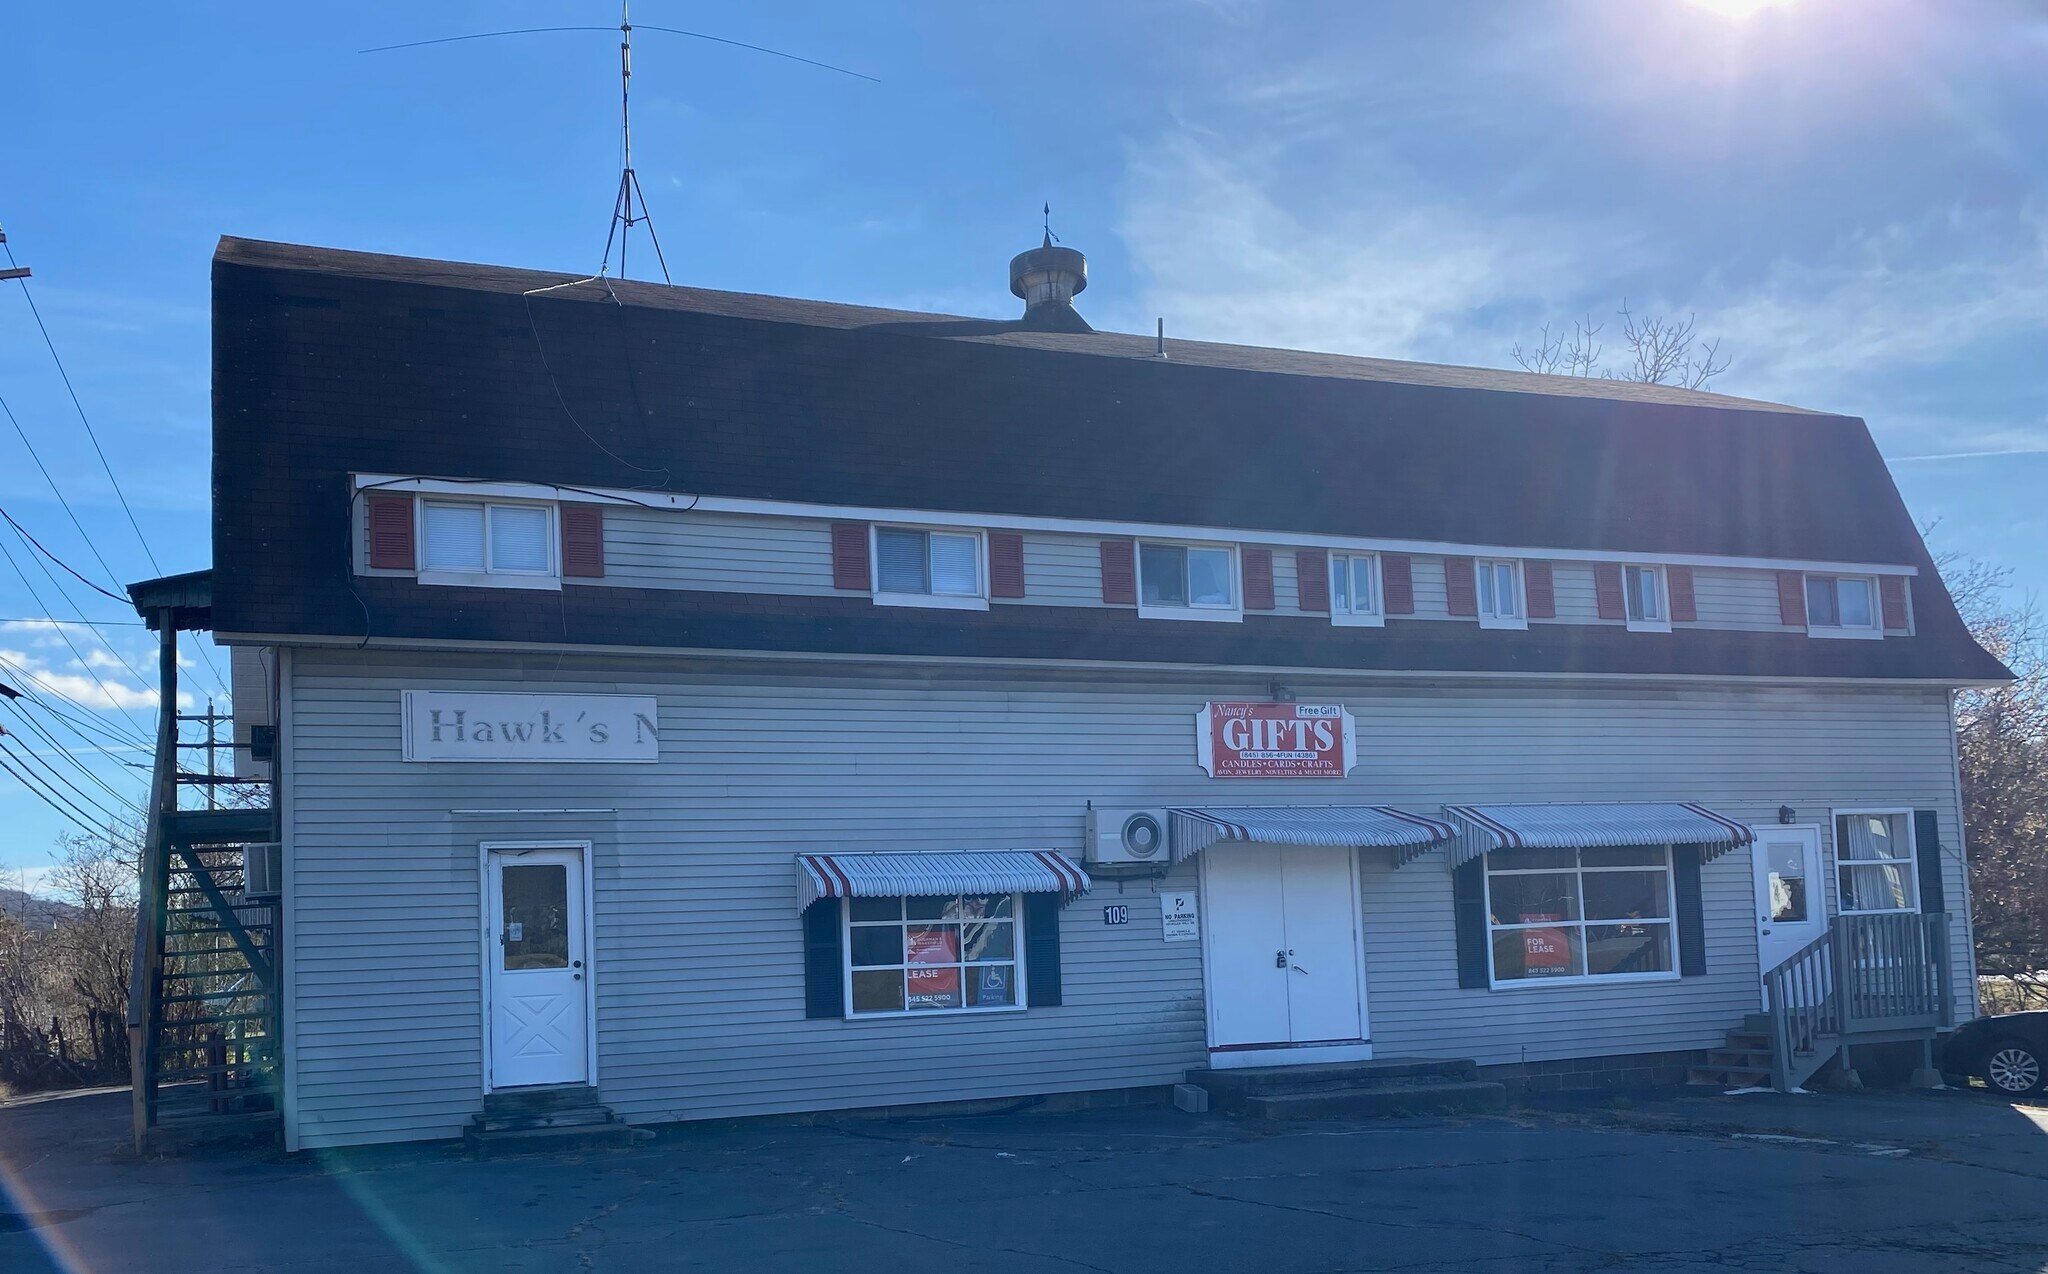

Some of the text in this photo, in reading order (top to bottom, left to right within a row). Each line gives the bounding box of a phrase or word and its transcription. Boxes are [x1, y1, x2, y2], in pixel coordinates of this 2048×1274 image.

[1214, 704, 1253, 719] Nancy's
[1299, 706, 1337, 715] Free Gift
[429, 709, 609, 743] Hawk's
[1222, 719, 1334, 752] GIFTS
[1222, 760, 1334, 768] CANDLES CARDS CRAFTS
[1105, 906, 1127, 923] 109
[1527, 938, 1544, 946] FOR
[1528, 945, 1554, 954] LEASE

********************

YOUR INSTRUCTIONS —
Without any of the pictures, set the entries down again exactly as written.

YOUR RESPONSE —
Some of the text in this photo, in reading order (top to bottom, left to right within a row). Each line gives the bounding box of a phrase or word and its transcription. Boxes are [x1, y1, x2, y2], in pixel coordinates of this 2048×1274 image.

[1214, 704, 1253, 719] Nancy's
[1299, 706, 1337, 715] Free Gift
[429, 709, 609, 743] Hawk's
[1222, 719, 1334, 752] GIFTS
[1222, 760, 1334, 768] CANDLES CARDS CRAFTS
[1105, 906, 1127, 923] 109
[1527, 938, 1544, 946] FOR
[1528, 945, 1554, 954] LEASE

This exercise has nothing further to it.